Israele è per definizione la Startup Nation a cui tutti guardano. Un piccolo Stato, senza risorse naturali e in un perenne stato di guerra, che però è in grado di sfornare startup vincenti ad un ritmo superiore a qualunque altro paese. Oggi lo sviluppo di nuove tecnologie, dall'agricoltura all'industria, rappresenta il 13% del Pil e assorbe l'8% della forza lavoro. In una nazione con appena 8 milioni di cittadini ogni anno aprono 1.400 startup. La collaborazione tra pubblico, privato e mondo della ricerca è uno dei punti di forza del paese. Così come la propensione all'internazionalizzazione.

"La startup ha sempre a che fare con un ecosistema ostile, ma la politica può fare molto per mitigare questa condizione", spiega Ivan Farneti, il secondo fondatore di Fsv, da venti anni attivo nel mondo del venture capital. "Certo anche i nostri imprenditori dovrebbero fare autocritica, lavorare di più sulle lingue e sulla capacità di presentare i propri progetti in maniera chiara agli investitori, che di un business plan valutano alcuni punti chiave".

Negli Stati Uniti trovare investitori è molto più semplice che in Italia. I grandi fondi di investimento, come quelli pensione, hanno una diversa propensione al rischio. Esistono poi società di gestione del risparmio che sono focalizzate solo sul settore agroalimentare. Ecco perché a partecipare in Five seasons ventures sono stati soprattutto fondi nazionali, come Bpifrance e Fondo italiano d'investimento, oltre all'Unione europea attraverso Horizon 2020 Financial instruments. Della partita è anche Nestlé, la più grande multinazionale alimentare del pianeta.

Per le startup AgTech e FoodTech nate in Italia le possibilità di crescere non sono molte. Incubatori e acceleratori verticali sono pochi (Startupbootcamp FoodTech, BeeCoFarm e Ptp) e l'unico fondo corporate è quello di Barilla, Blu1877, anche se tutte le grandi aziende hanno una funzione di open innovation. Five seasons ventures è l'unico fondo di venture capital italiano dedicato al mondo dell'agroalimentare.
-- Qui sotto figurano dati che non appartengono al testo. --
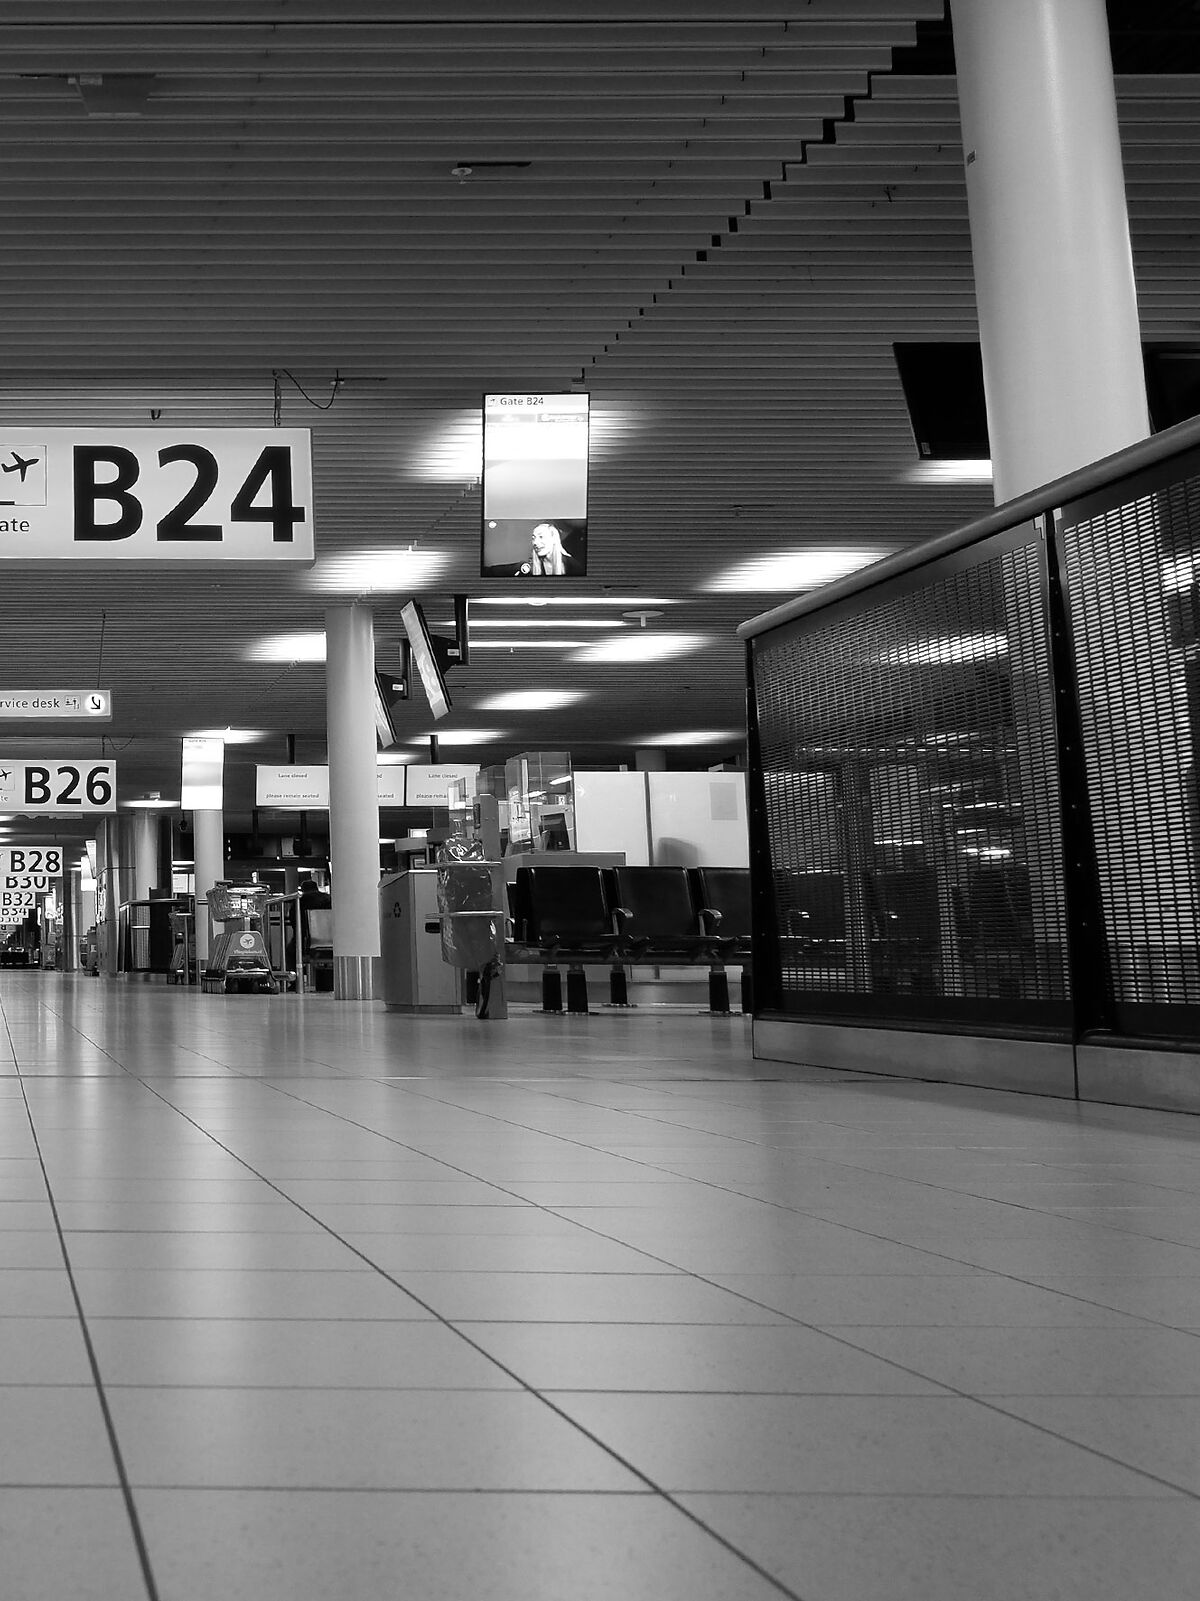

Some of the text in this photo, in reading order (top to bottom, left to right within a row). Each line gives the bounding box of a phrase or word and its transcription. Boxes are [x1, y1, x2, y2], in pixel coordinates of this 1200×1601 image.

[500, 397, 544, 406] Gate B24
[73, 443, 306, 542] B24
[32, 698, 60, 709] desk
[25, 765, 112, 805] B26
[10, 850, 60, 873] B28
[5, 877, 47, 889] B30
[2, 892, 33, 906] B32
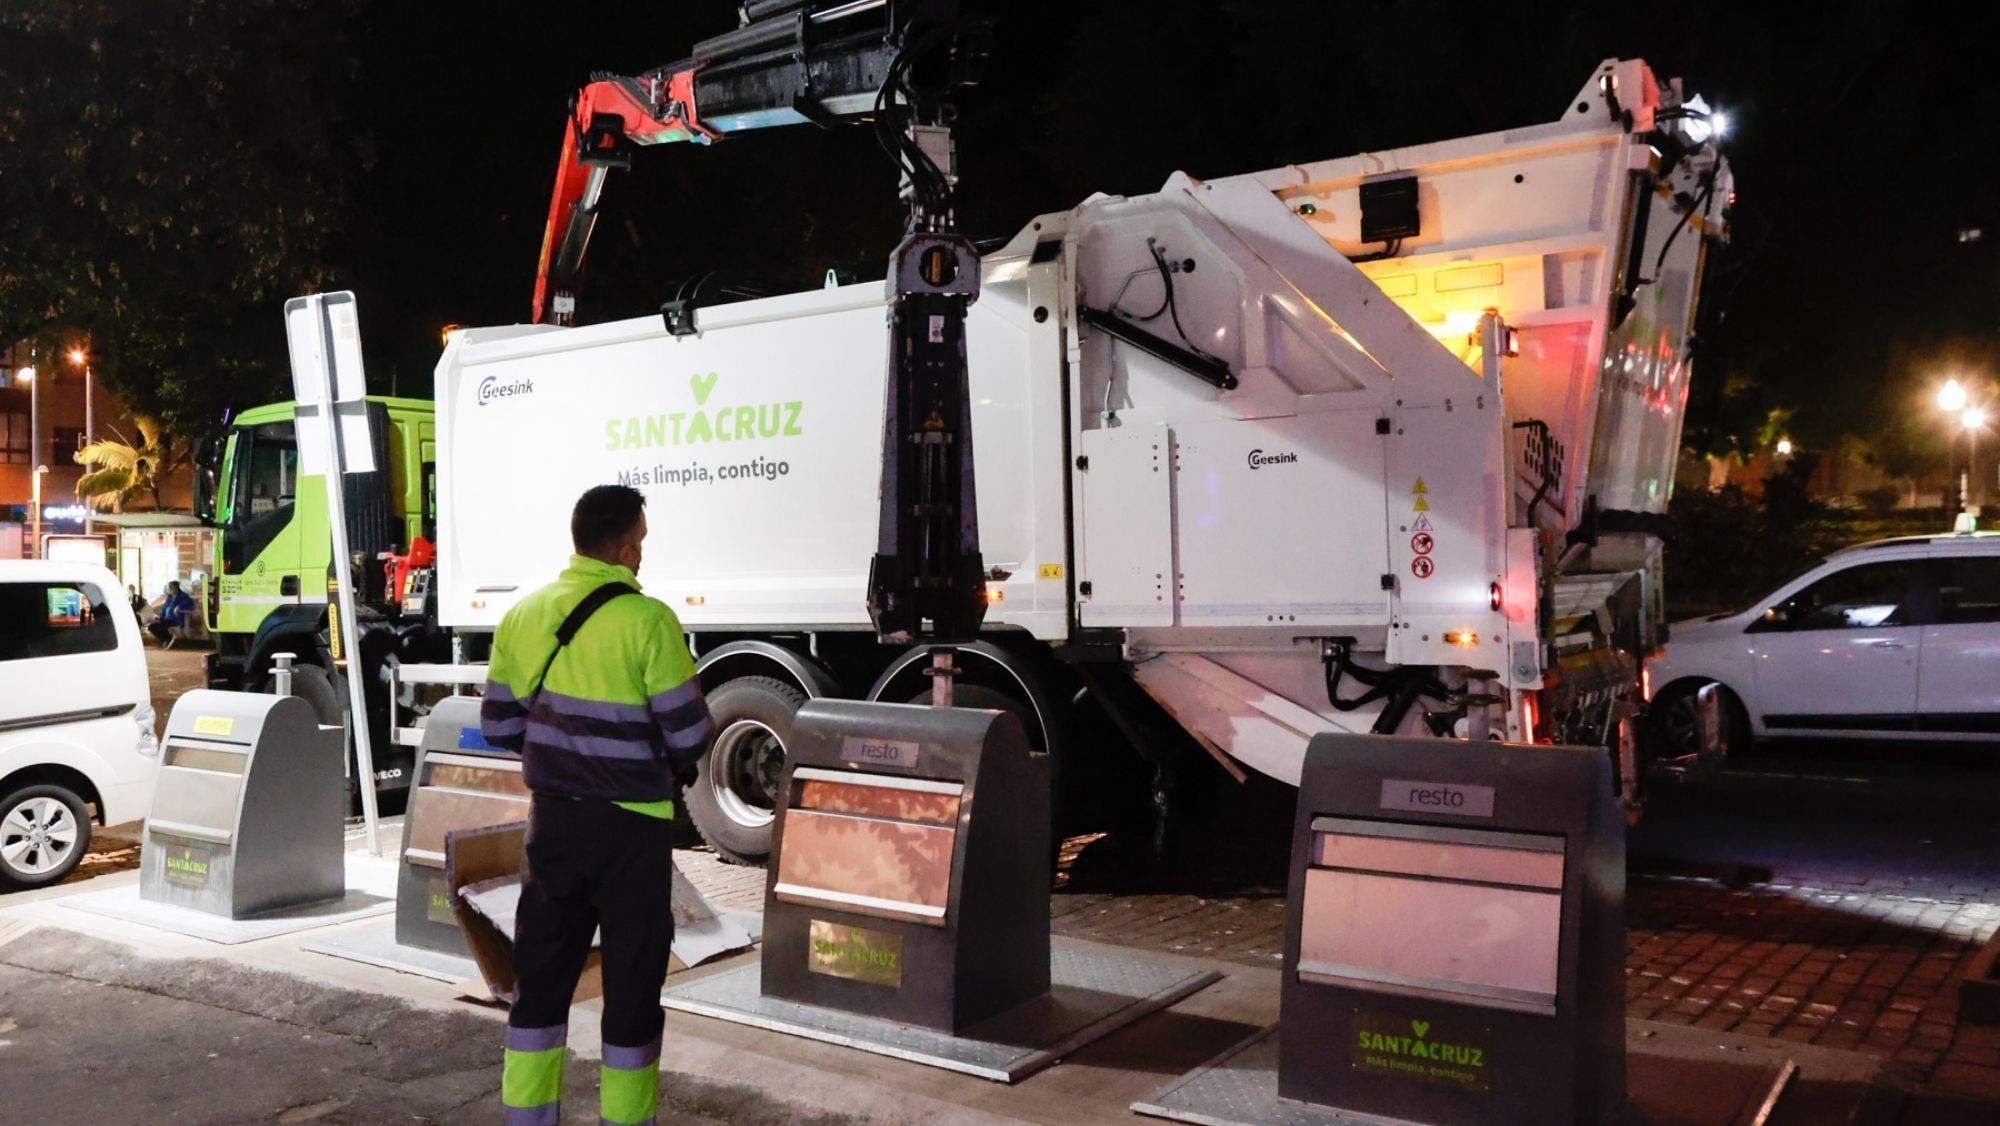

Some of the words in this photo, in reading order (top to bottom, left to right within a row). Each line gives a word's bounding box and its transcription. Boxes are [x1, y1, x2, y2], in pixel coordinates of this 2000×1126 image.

"Fino ad oggi abbiamo analizzato circa 150 startup e con due di esse siamo vicini a chiudere un accordo", spiega Farneti. "Siamo alla costante ricerca di realtà innovative che abbiano già sviluppato una tecnologia o un prototipo. L'ideale è che abbiano anche qualche cliente, che per noi è segno di una maturità anche sul lato business". A far guadagnare punti poi sono la grandezza del mercato in cui la startup opera e l'appetibilità per le grandi aziende.

Niente seed capital (i soldi dati per sviluppare una idea), ma solo Series A. Il fondo entra con una quota di minoranza all'interno della startup a cui fornisce il capitale (2-3 milioni), ma soprattutto una rete di relazioni con tutti gli stakeholder del settore. Oltre ai due fondatori, del team fanno parte Giancarlo Addario, per quasi dieci anni open innovation manager di Barilla, oggi basato a Bologna. E Marco Iotti, ex open innovation strategist e project manager di Nestlé. E poi Rob Wylie, ex Shell Agrichem, con una lunga esperienza in investimenti agro-food.

Five seasons ventures guarda sopratutto alle startup in grado di contribuire alle sfide del millennio: produrre più cibo, di migliore qualità, in maniera sostenibile. Miglioramento genetico dunque, ma anche agricoltura di precisione, robotica e indoor farming. C'è poi il tema della riduzione degli sprechi (food waste) lungo la filiera. Il tema della trasparenza e della tracciabilità, con la tecnologia blockchain che oggi attira molte attenzioni. E poi un focus particolare sulle proteine alternative, i nuovi ingredienti, soprattutto se alternativi a quelli poco salutari (come grassi animali, zucchero o sale) e le diete personalizzate sulla base di analisi di metabolismo, Dna e microbioma.